*** GIVEN INFORMATION Section Begins ***
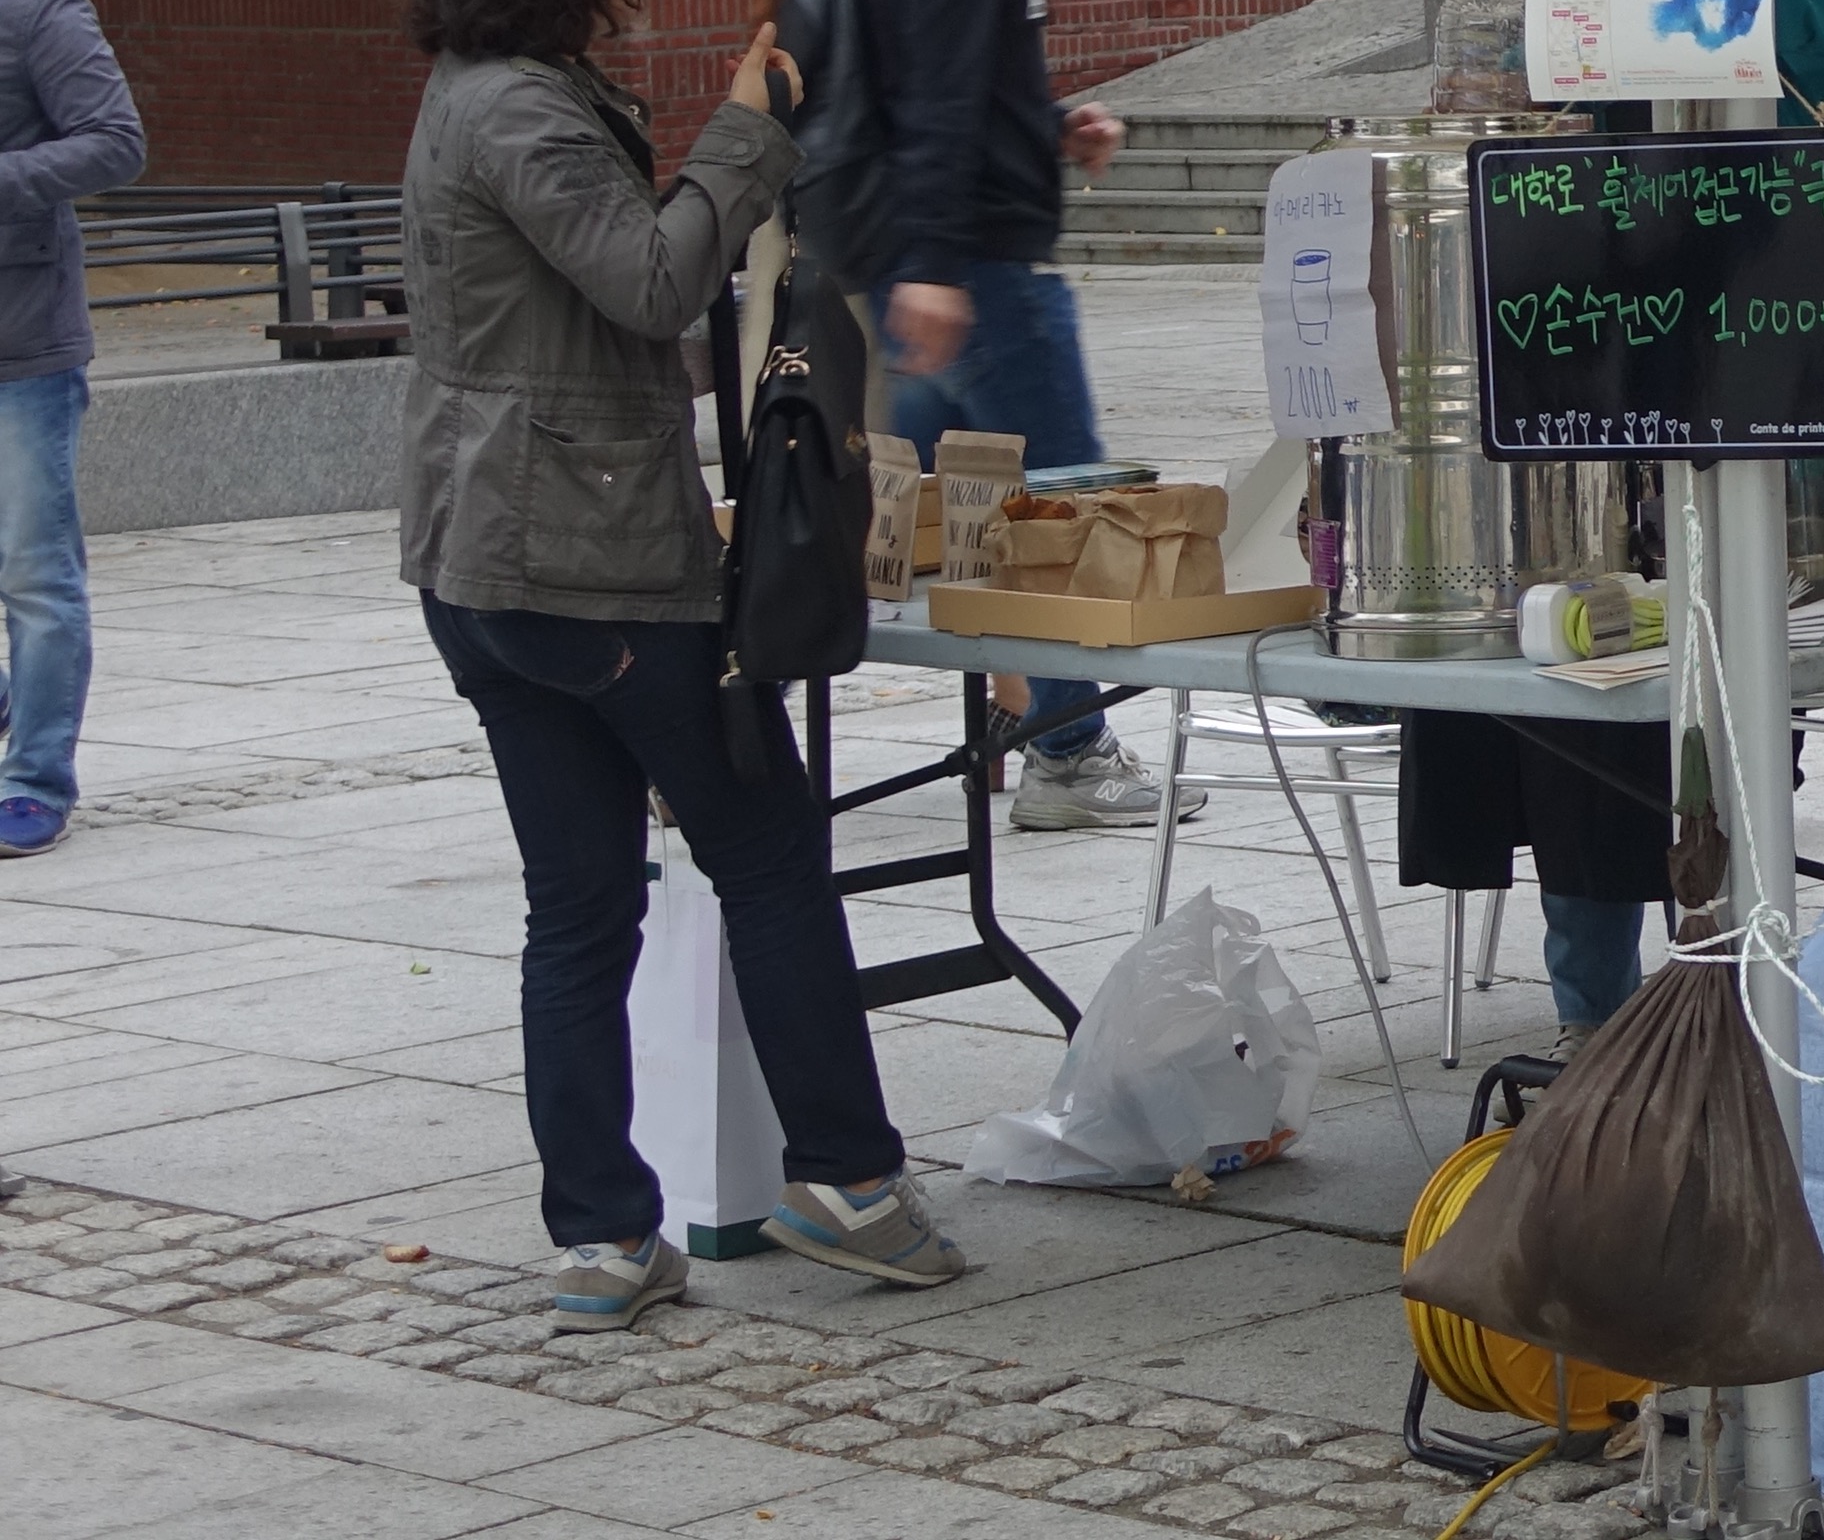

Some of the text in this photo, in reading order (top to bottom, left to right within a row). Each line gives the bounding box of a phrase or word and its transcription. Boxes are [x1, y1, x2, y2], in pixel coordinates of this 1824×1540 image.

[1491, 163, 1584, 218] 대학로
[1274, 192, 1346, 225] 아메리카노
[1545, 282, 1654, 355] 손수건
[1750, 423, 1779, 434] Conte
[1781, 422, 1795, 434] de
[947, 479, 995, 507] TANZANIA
*** GIVEN INFORMATION Section Ends ***
WORK INSTRUCTIONS: Copy the records exactly. Skip the images.

SOLUTION TO THE PROBLEM:
Some of the text in this photo, in reading order (top to bottom, left to right within a row). Each line gives the bounding box of a phrase or word and its transcription. Boxes are [x1, y1, x2, y2], in pixel coordinates of this 1824×1540 image.

[1491, 163, 1584, 218] 대학로
[1274, 192, 1346, 225] 아메리카노
[1545, 282, 1654, 355] 손수건
[1750, 423, 1779, 434] Conte
[1781, 422, 1795, 434] de
[947, 479, 995, 507] TANZANIA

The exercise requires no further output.